105 CMR, § 100.310

Current through Register 1529, August 30, 2024
Section 100.310 - Standard Conditions
(A)Applicability. Unless otherwise expressly specified within 105 CMR 100.000, each Notice of Determination of Need issued by the Department shall be subject to the following Conditions. The Commissioner may specify additional Standard Conditions through Guideline which shall be attached to all Notices of Determination of Need, unless otherwise specified, and which shall be determined by the Commissioner as advancing the objectives of 105 CMR 100.000. Prior to issuance, such Guideline shall be developed through a public process that includes consultation with applicable Government Agencies, community-based organizations, relevant stakeholders, and the Public Health Council.
(1) The Notice of Determination of Need shall be subject to administrative review by the Health Facilities Appeals Board and may be stayed by the Health Facilities Appeals Board. If the Health Facilities Appeals Board is not constituted on the date of issuance of the Notice of Determination of Need, the Notice shall be considered a Final Action subject to review under M.G.L. c. 30A.

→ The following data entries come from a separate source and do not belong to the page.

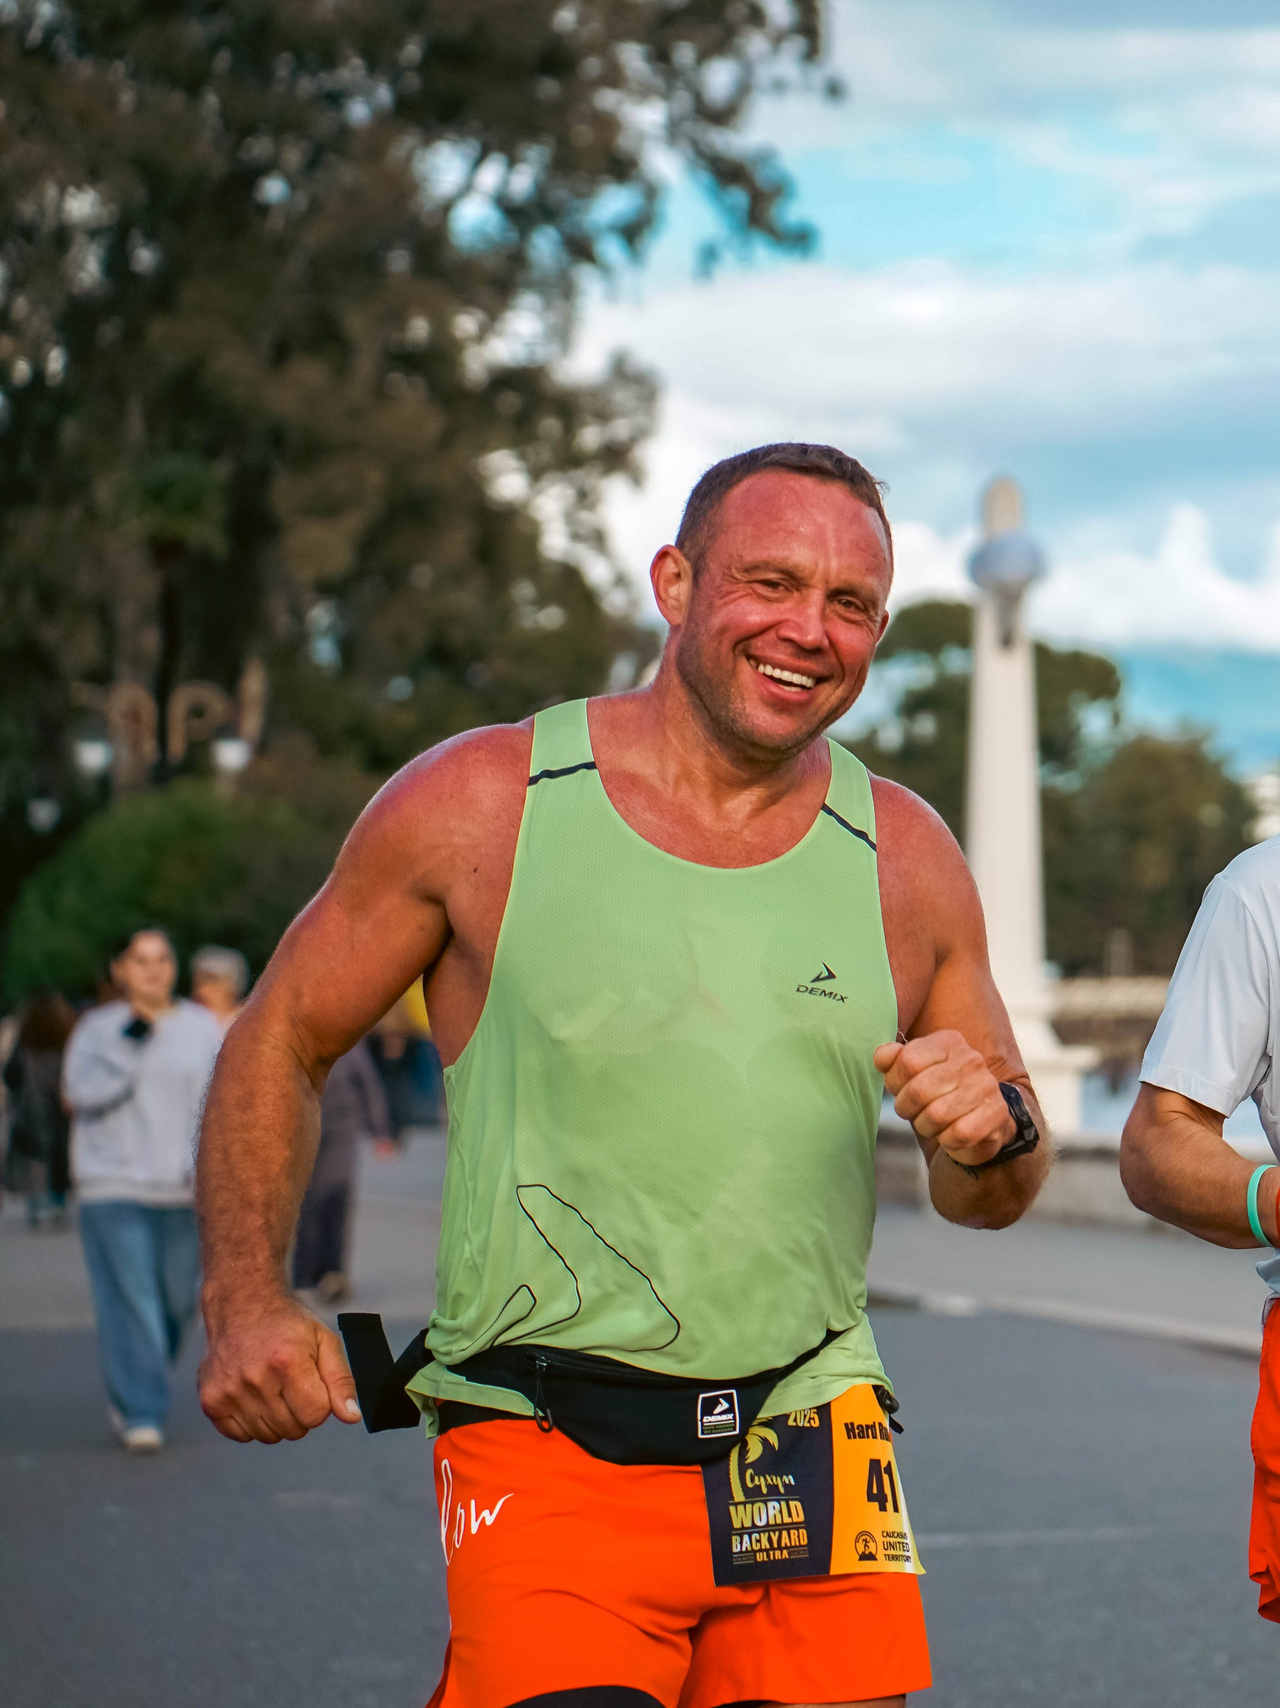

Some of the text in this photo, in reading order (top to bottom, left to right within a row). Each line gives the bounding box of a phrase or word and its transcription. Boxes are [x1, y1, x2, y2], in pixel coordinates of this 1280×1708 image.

[796, 984, 849, 1004] DEMIX
[787, 1408, 820, 1428] 2025
[844, 1421, 878, 1440] Hard
[866, 1458, 900, 1514] 41
[729, 1500, 805, 1529] WORLD
[731, 1528, 808, 1553] BACKYARD
[882, 1541, 910, 1552] UNITED
[756, 1549, 789, 1562] ULTRA

(2) The Notice of Determination of Need shall go into effect upon the Department's issuance of a written notification made pursuant to 105 CMR 100.625(A). The Holder shall submit an acknowledgment of receipt to the Department within 30 days of the written notification, signed by the Holder's chief executive officer and board chair, and returned to the Department and all Parties of Record. Unless extended for Good Cause Related to Project Implementation, or as a result of an approved amendment to a previously issued Notice of Determination of Need, the Notice of Determination of Need shall constitute a valid authorization for a period of not more than three years following the approval of the Department, unless otherwise expressly noted as an Other Condition, and shall only be for the purposes of the approved project, including for the identified and approved treatments and/or patient populations. No Notice of Determination of Need shall remain in authorization unless the Holder complies with all prescribed terms and Conditions set forth by the Department. Any Notice of Determination of Need issued to a Holder that is subject to a Cost and Market Impact Review pursuant to M.G.L. c. 6D, § 13 and 958 CMR 7.00: Notices of Material Change and Cost and Market Impact Reviews shall not go into effect until 30 days following HPC's completed Cost and Market Impact Review.

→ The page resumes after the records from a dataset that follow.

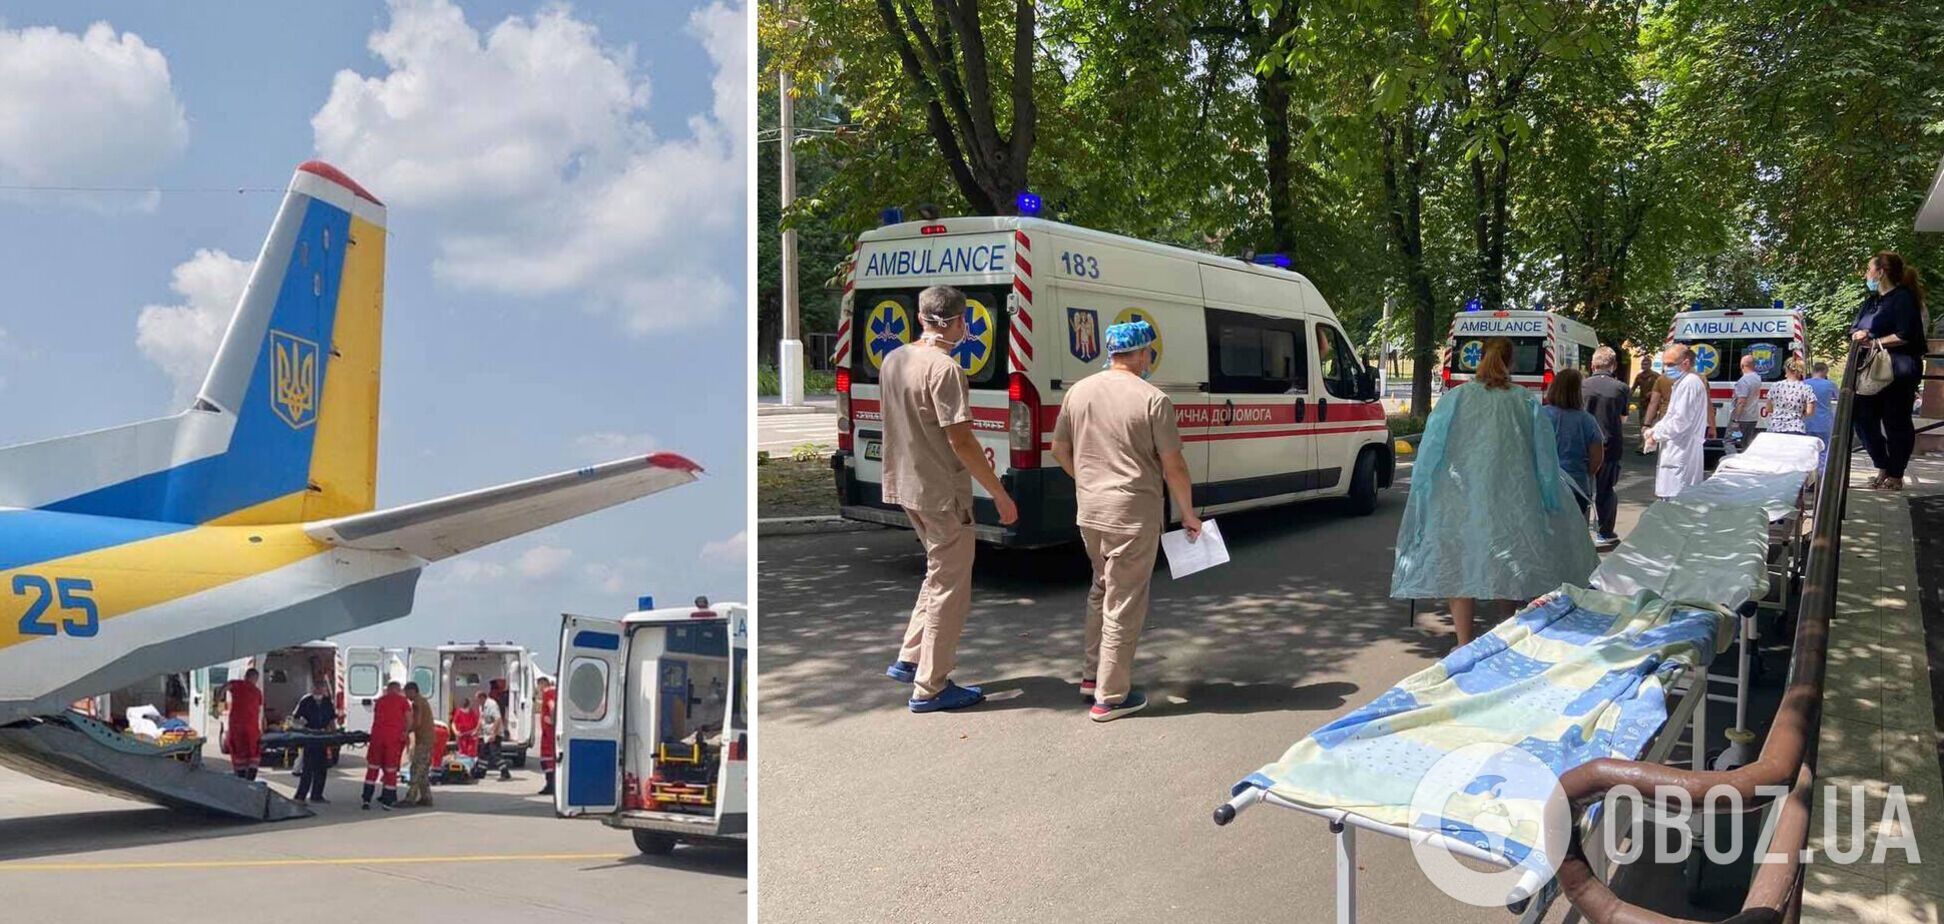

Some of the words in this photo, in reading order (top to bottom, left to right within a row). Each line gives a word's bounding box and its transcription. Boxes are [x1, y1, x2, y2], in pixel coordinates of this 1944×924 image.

[865, 245, 1007, 277] AMBULANCE
[1061, 251, 1100, 279] 183
[1460, 320, 1542, 333] AMBULANCE
[1682, 320, 1788, 334] AMBULANCE
[12, 574, 99, 637] 25

(3) Unless extended for Good Cause Related to Project Implementation, or as a result of an approved amendment to a previously issued Notice of Determination of Need, the Notice of Determination of Need shall constitute a valid authorization only for the Proposed Project for which the Notice of Determination of Need is made, and for only the total Capital Expenditure approved.
(4) The Notice of Determination of Need shall constitute a valid authorization only for the Person to whom it is issued and may be transferred only upon the expressed written permission of the Department pursuant to 105 CMR 100.635(A), except that:
(a) the Holder of a Notice of Determination of Need for a Transfer of Ownership issued pursuant to 105 CMR 100.735 becomes the Holder of any Notice of Determination of Need then held by any entity being transferred;
(b) for any Transfer of Ownership not subject to 105 CMR 100.735, where the Health Care Facility being acquired is the Holder of a Notice of Determination of Need which is still in effect pursuant to 105 CMR 100.310(17), the transferee must provide Notice to the Department in a form and manner determined by the Commissioner that it will assume all obligations and comply with all Conditions and requirements of such Notice of Determination of Need; and
(c) for any Transfer of Ownership not subject to 105 CMR 100.735 where the Health Care Facility being acquired is the Holder of an unimplemented Notice of Determination of Need issued before January 27, 2017, at the time that a license is issued to the transferee, pursuant to 105 CMR 153.000: Licensure Procedure and Suitability Requirements for Long-term Care Facilities, the transferee becomes the Holder of any Notice of Determination of Need then held by any entity being acquired. Following the transfer, the Holder may implement the Notice of Determination of Need as approved, unless implementation requires any Significant Change, in which case the Holder must comply with the requirements of 105 CMR 100.635.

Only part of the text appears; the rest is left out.